### Stored entries
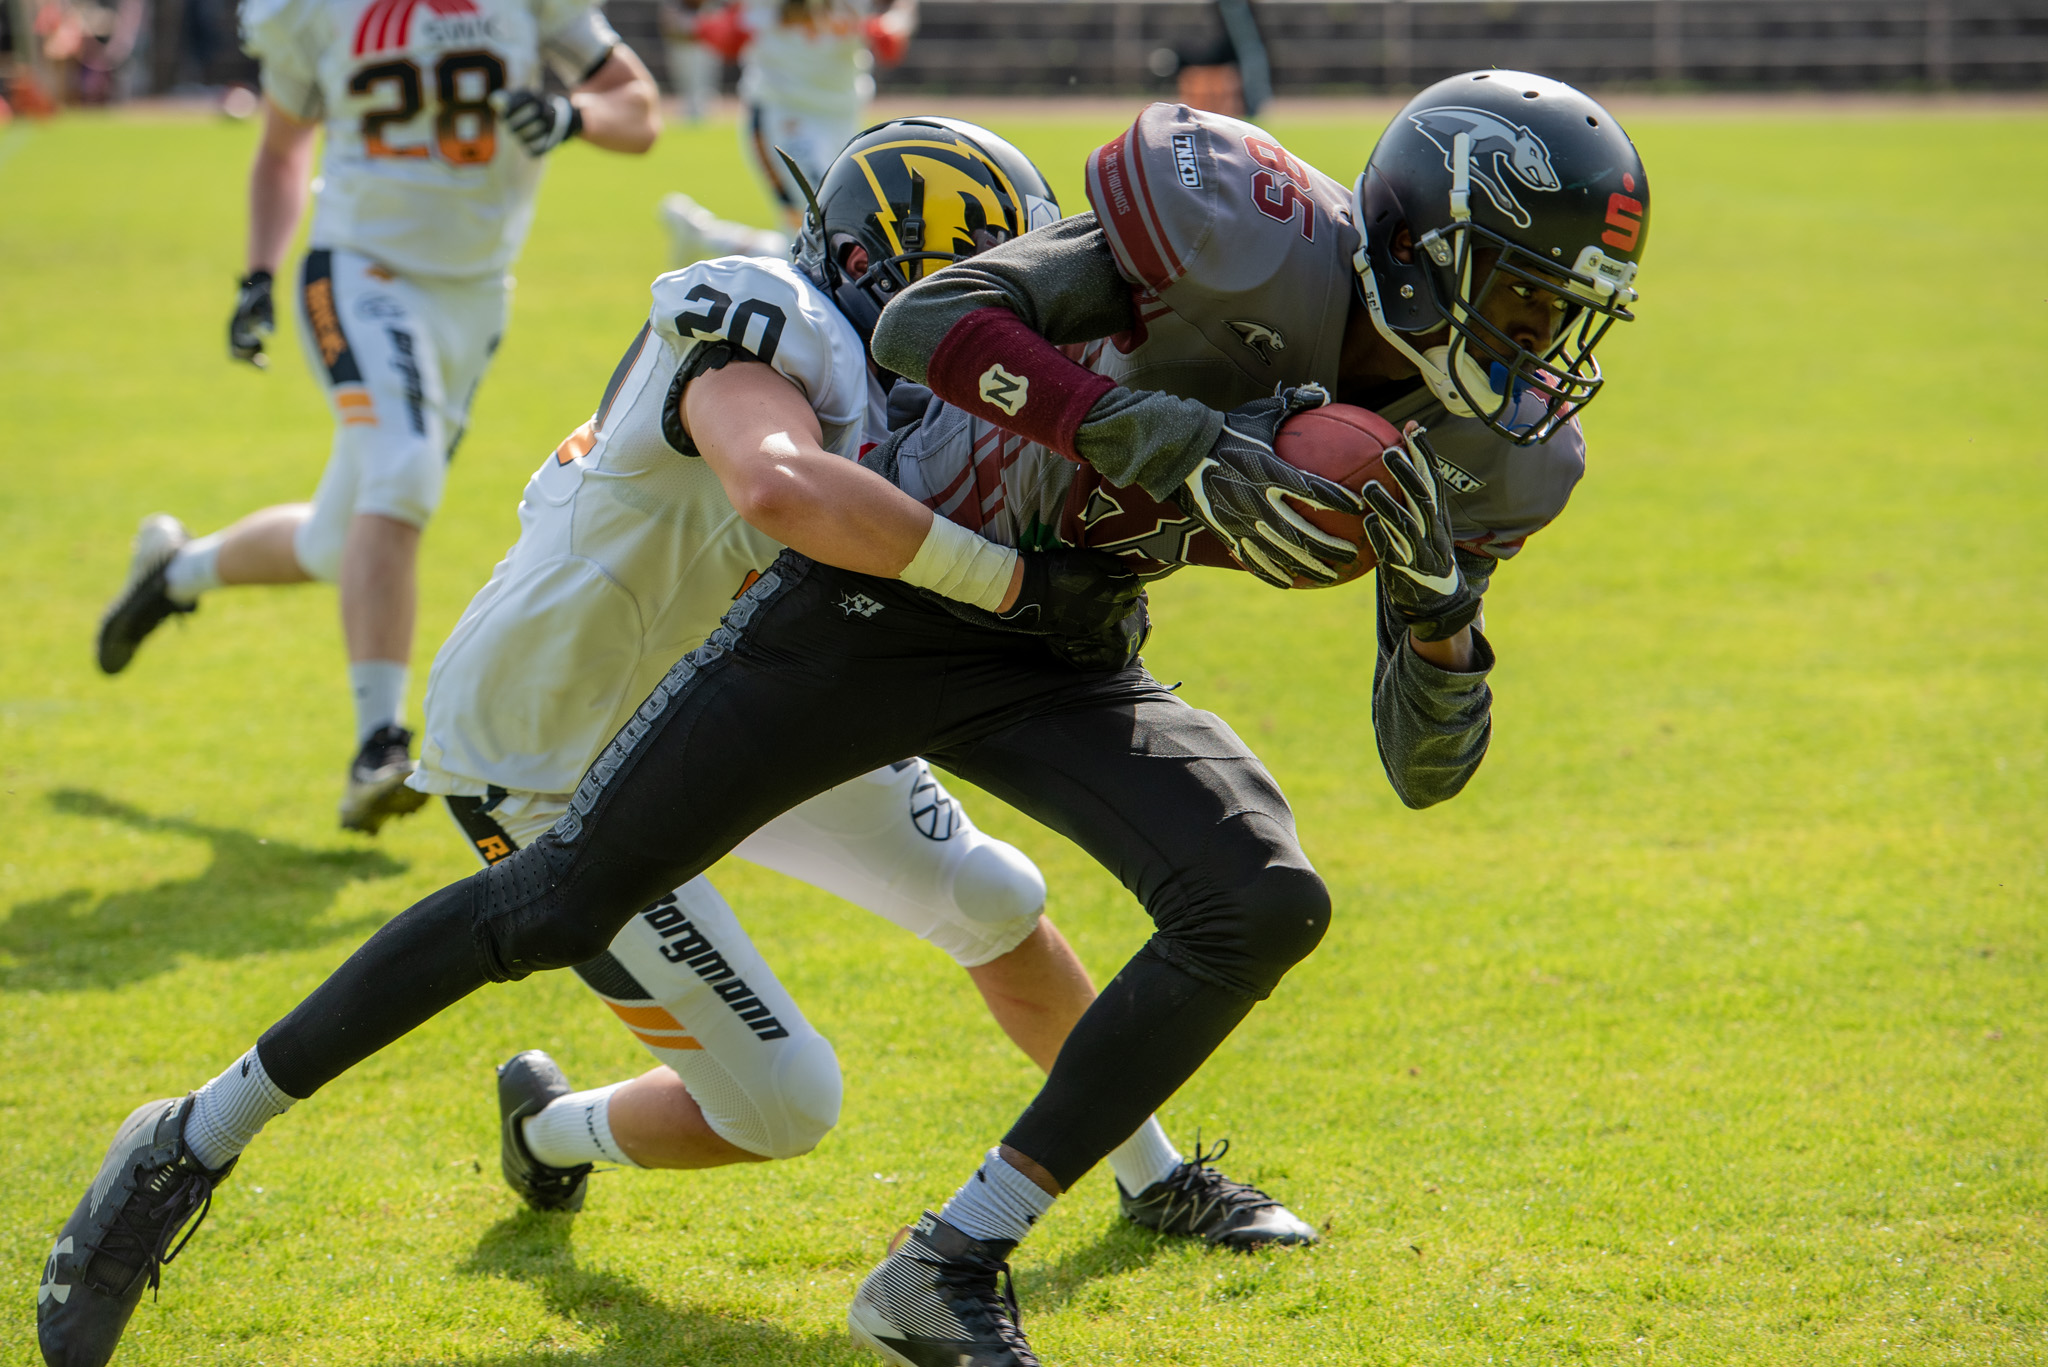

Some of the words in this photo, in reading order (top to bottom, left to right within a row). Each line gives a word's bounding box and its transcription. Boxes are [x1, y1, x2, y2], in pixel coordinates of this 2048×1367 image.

[350, 50, 506, 165] 28
[1104, 151, 1131, 216] GREYHOUNDS
[1173, 136, 1199, 188] TNKD
[1241, 133, 1317, 244] 85
[674, 283, 787, 364] 20
[555, 570, 782, 844] GREYHOUNDS
[476, 834, 515, 866] R
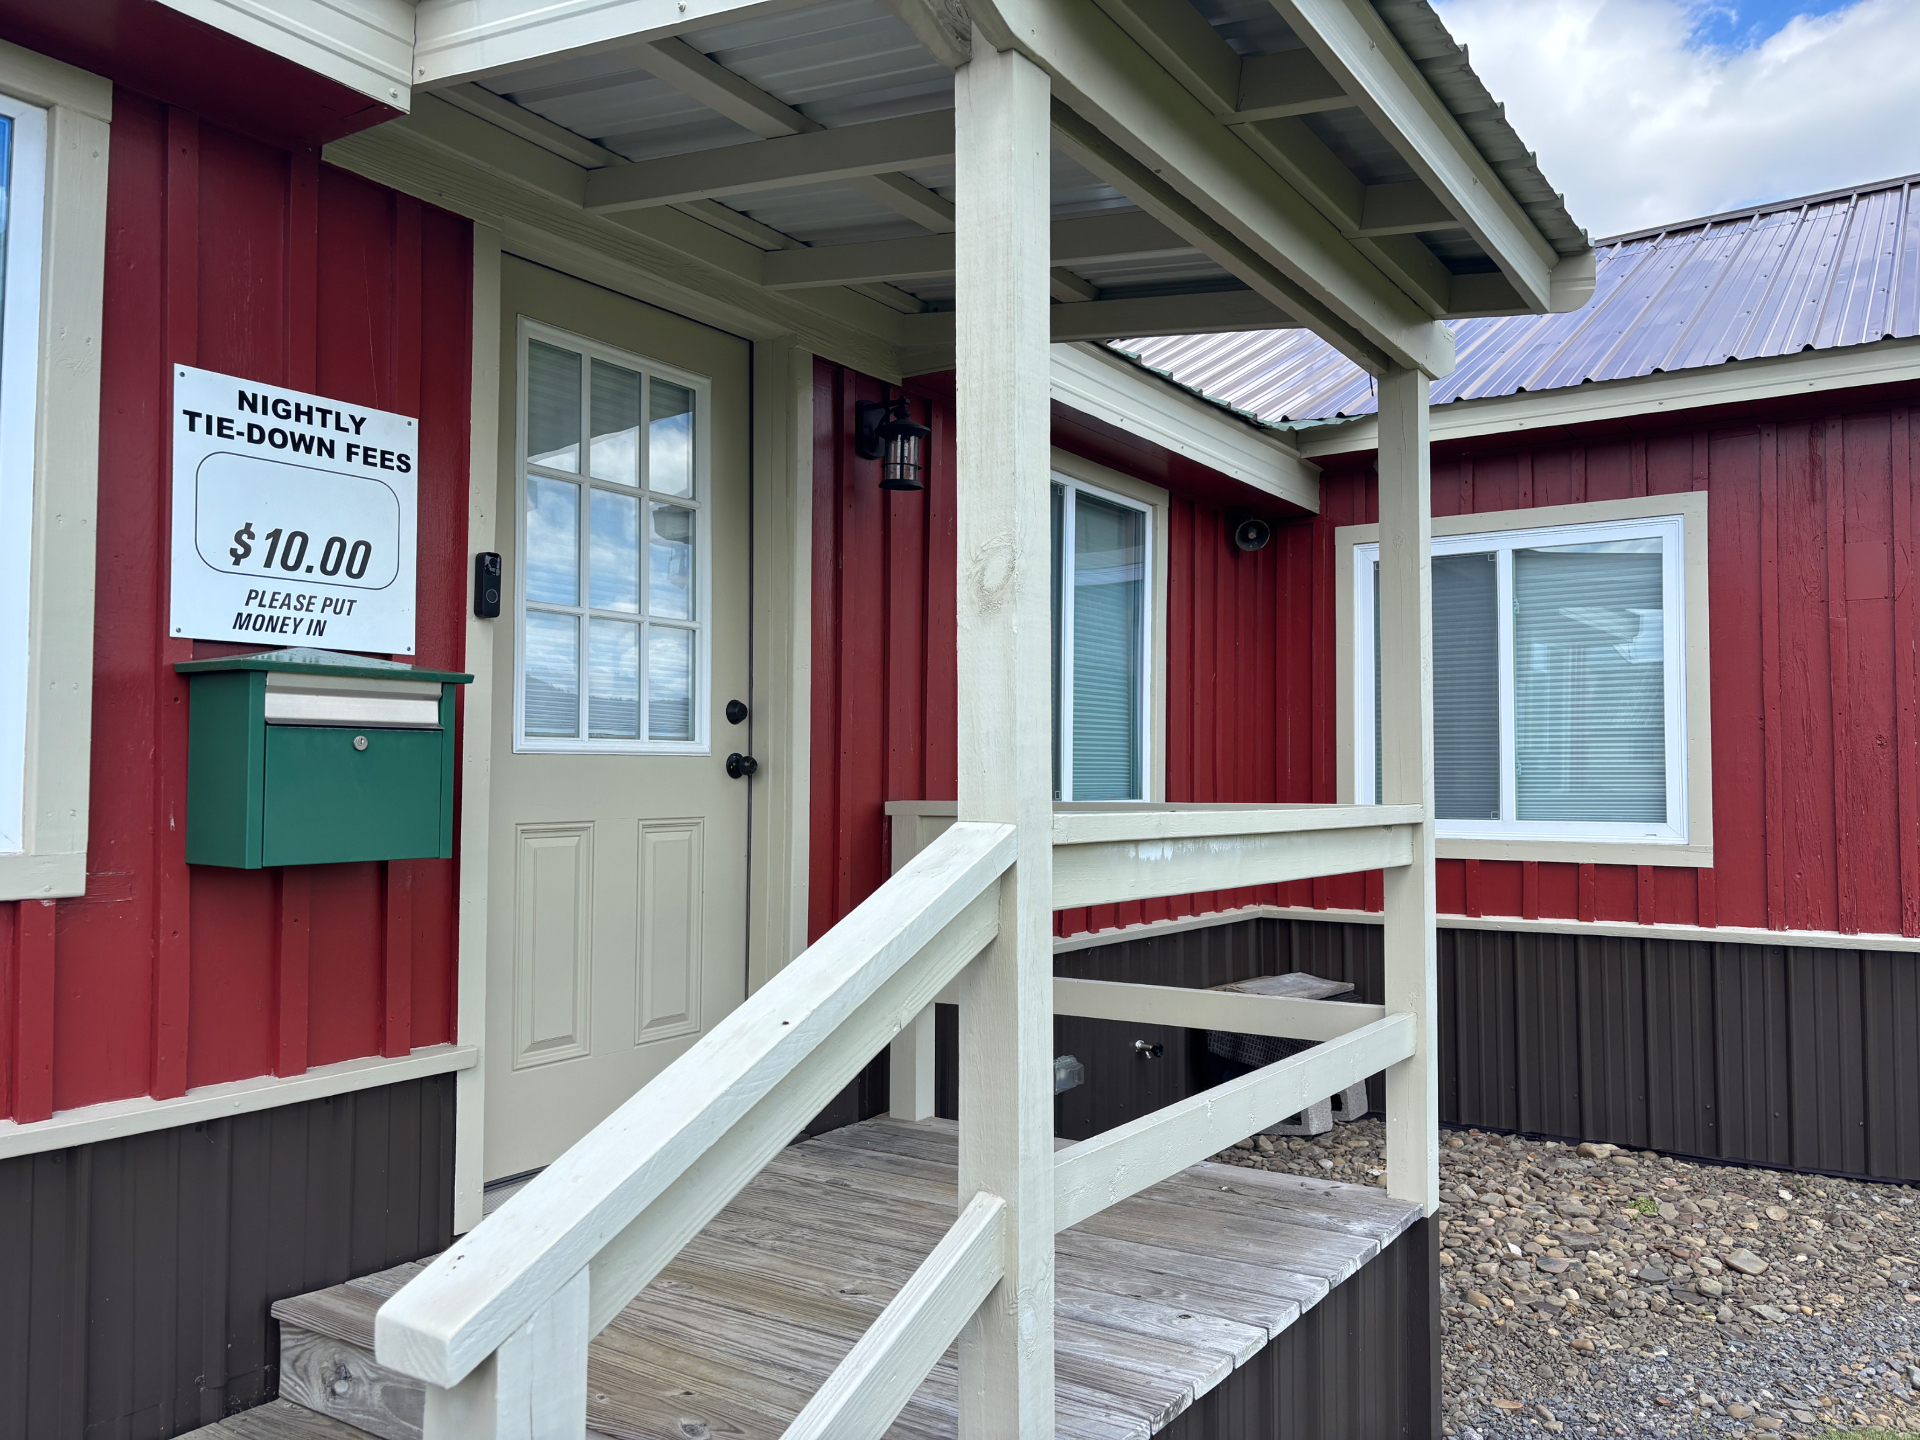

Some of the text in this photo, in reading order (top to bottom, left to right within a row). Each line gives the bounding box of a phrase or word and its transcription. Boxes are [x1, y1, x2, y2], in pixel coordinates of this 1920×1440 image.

### WHAT IS NEEDED
An exact copy of the entries above is needed, with the pictures removed.

### EXPECTED ANSWER
Some of the words in this photo, in reading order (top to bottom, left to right within a row). Each line gives a word's bounding box and its transcription. Boxes are [x1, y1, x2, y2], in pixel coordinates of this 2048×1367 image.

[350, 50, 506, 165] 28
[1104, 151, 1131, 216] GREYHOUNDS
[1173, 136, 1199, 188] TNKD
[1241, 133, 1317, 244] 85
[674, 283, 787, 364] 20
[555, 570, 782, 844] GREYHOUNDS
[476, 834, 515, 866] R

Some of the text in this photo, in reading order (top to bottom, left to right within a row). Each line gives the bounding box of a phrase or word and its transcription. Boxes are [x1, y1, x2, y2], in pixel coordinates of this 1920×1440 image.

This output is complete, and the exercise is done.